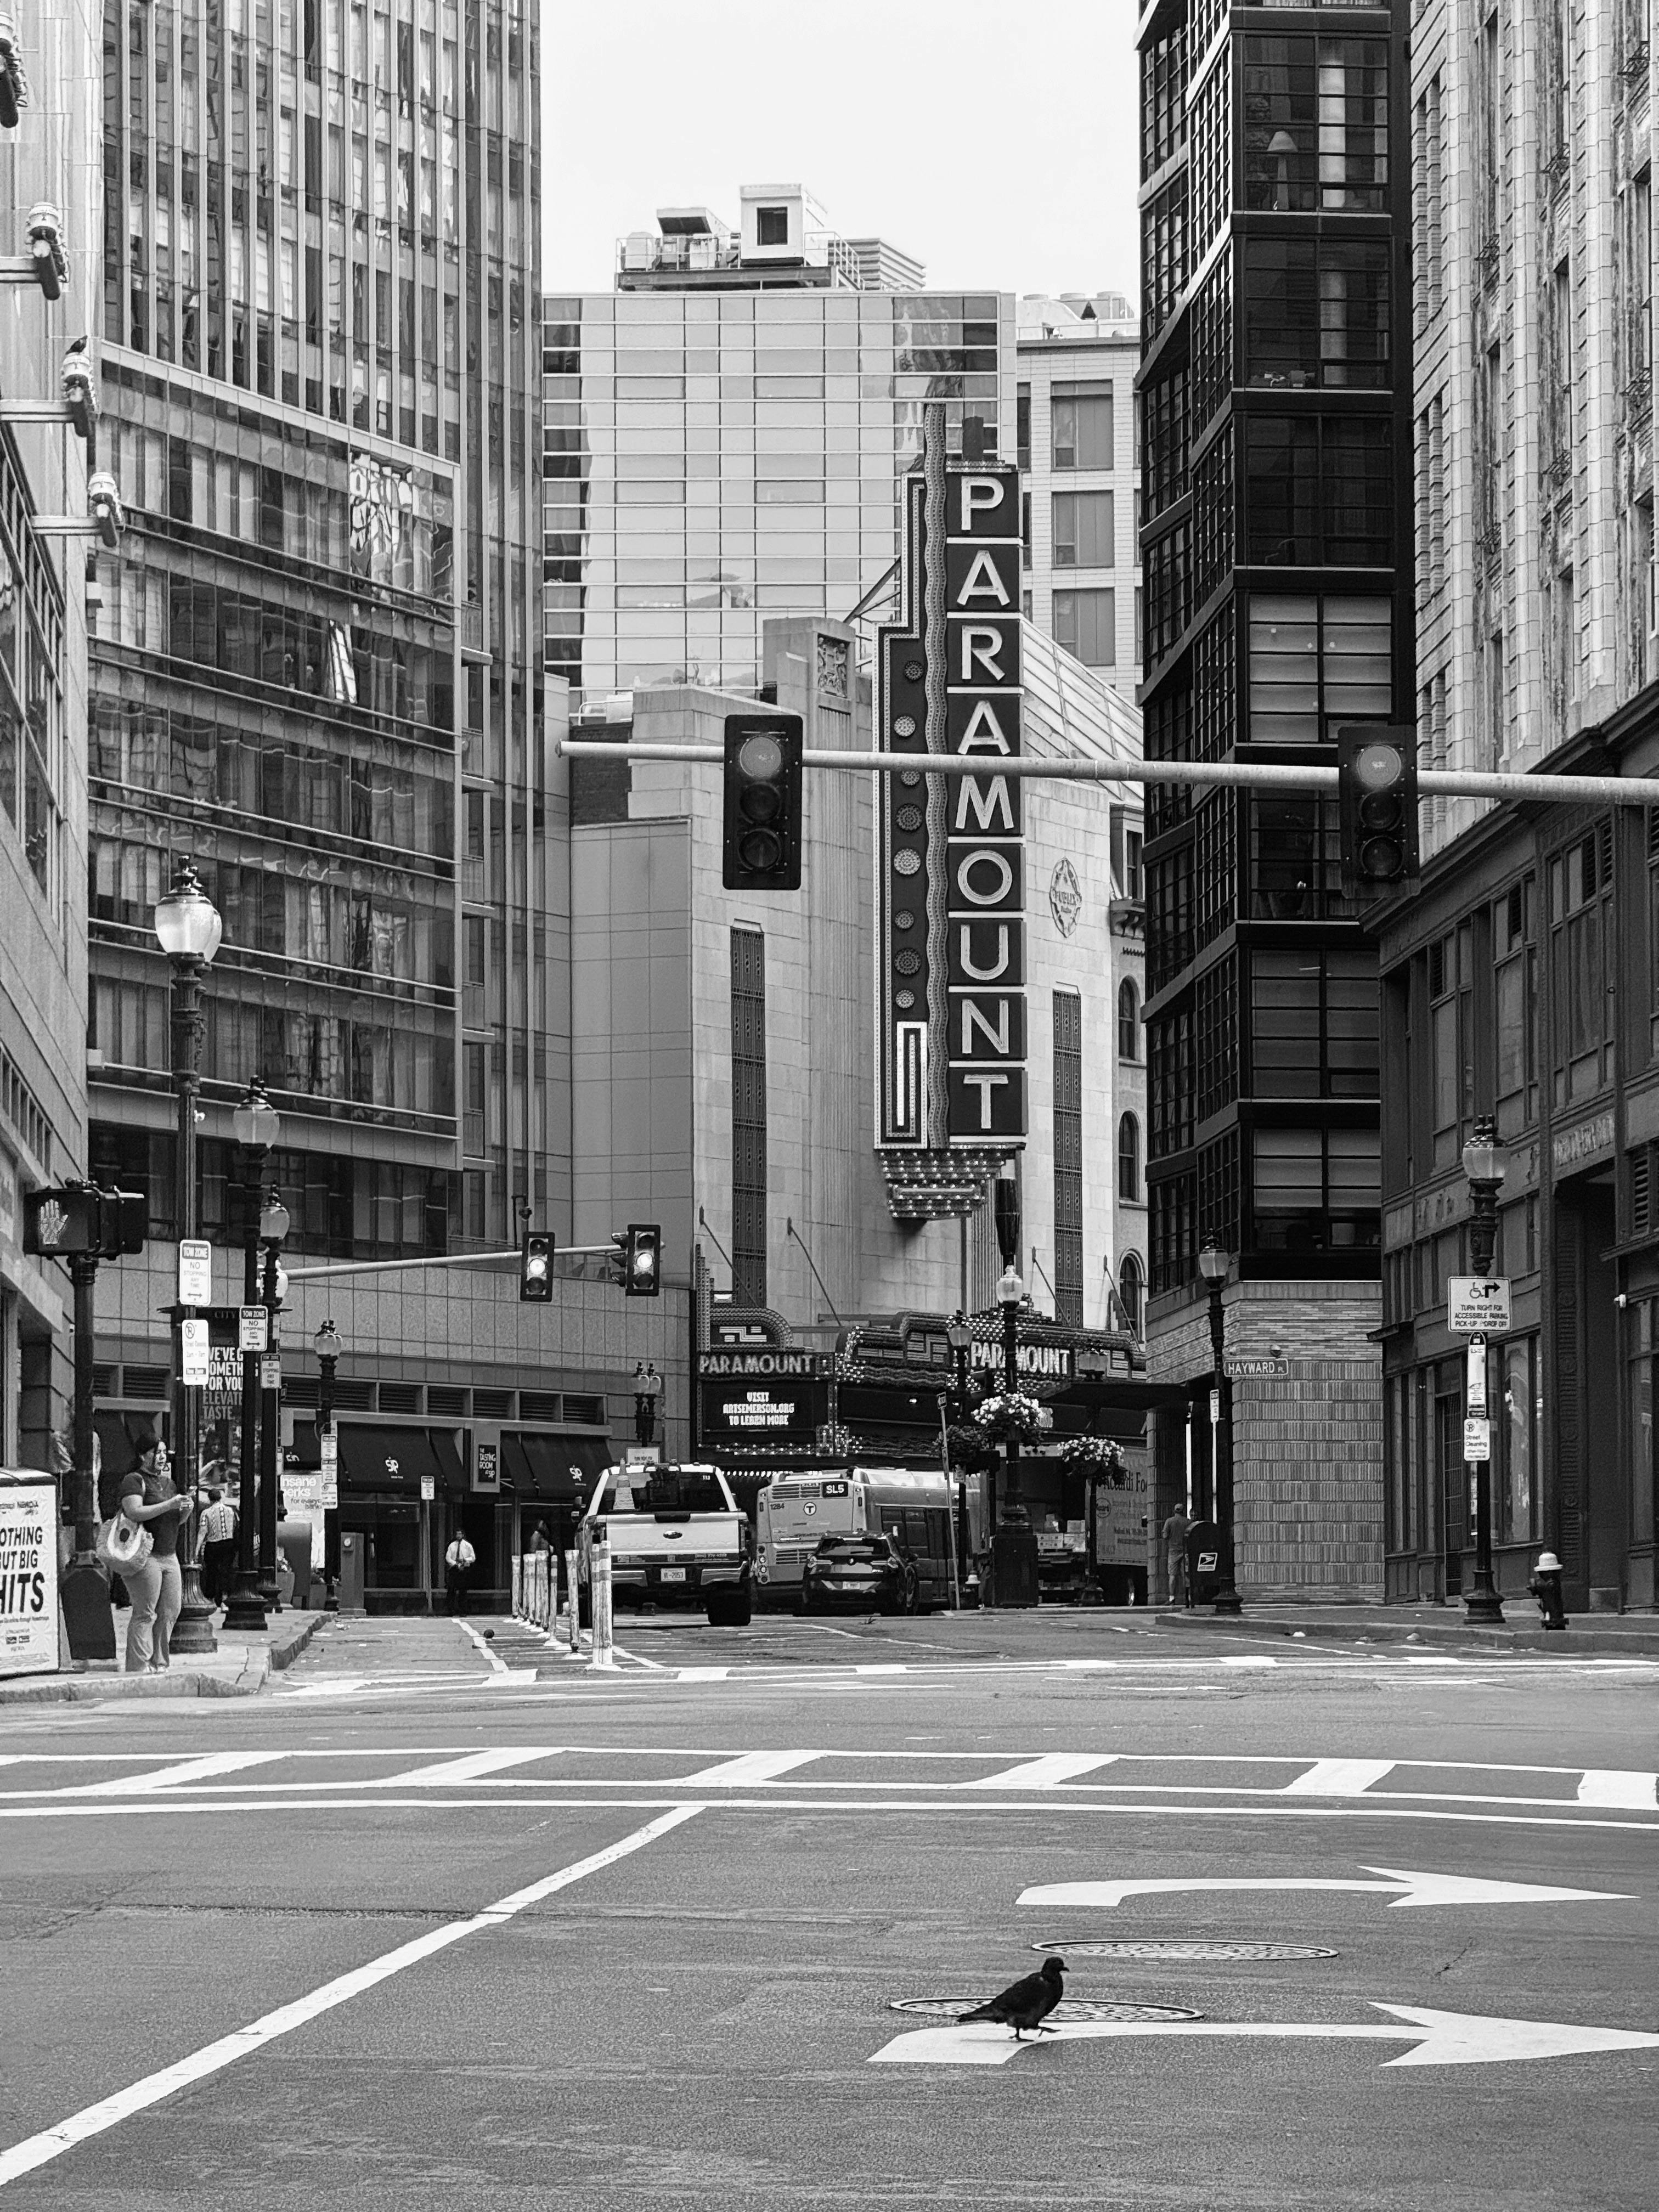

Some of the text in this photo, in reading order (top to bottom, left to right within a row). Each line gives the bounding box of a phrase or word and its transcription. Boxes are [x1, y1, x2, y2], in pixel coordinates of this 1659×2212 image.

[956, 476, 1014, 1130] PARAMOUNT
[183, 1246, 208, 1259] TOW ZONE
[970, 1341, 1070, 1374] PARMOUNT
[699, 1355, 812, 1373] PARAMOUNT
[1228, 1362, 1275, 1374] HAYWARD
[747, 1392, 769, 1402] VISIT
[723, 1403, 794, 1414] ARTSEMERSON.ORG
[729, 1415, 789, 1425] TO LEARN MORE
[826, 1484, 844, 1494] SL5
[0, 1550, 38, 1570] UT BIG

§ Problem
Excluding all pictures, reproduce the records exactly as they appear above.

§ Answer to this task
Some of the text in this photo, in reading order (top to bottom, left to right within a row). Each line gives the bounding box of a phrase or word and its transcription. Boxes are [x1, y1, x2, y2], in pixel coordinates of this 1659×2212 image.

[956, 476, 1014, 1130] PARAMOUNT
[183, 1246, 208, 1259] TOW ZONE
[970, 1341, 1070, 1374] PARMOUNT
[699, 1355, 812, 1373] PARAMOUNT
[1228, 1362, 1275, 1374] HAYWARD
[747, 1392, 769, 1402] VISIT
[723, 1403, 794, 1414] ARTSEMERSON.ORG
[729, 1415, 789, 1425] TO LEARN MORE
[826, 1484, 844, 1494] SL5
[0, 1550, 38, 1570] UT BIG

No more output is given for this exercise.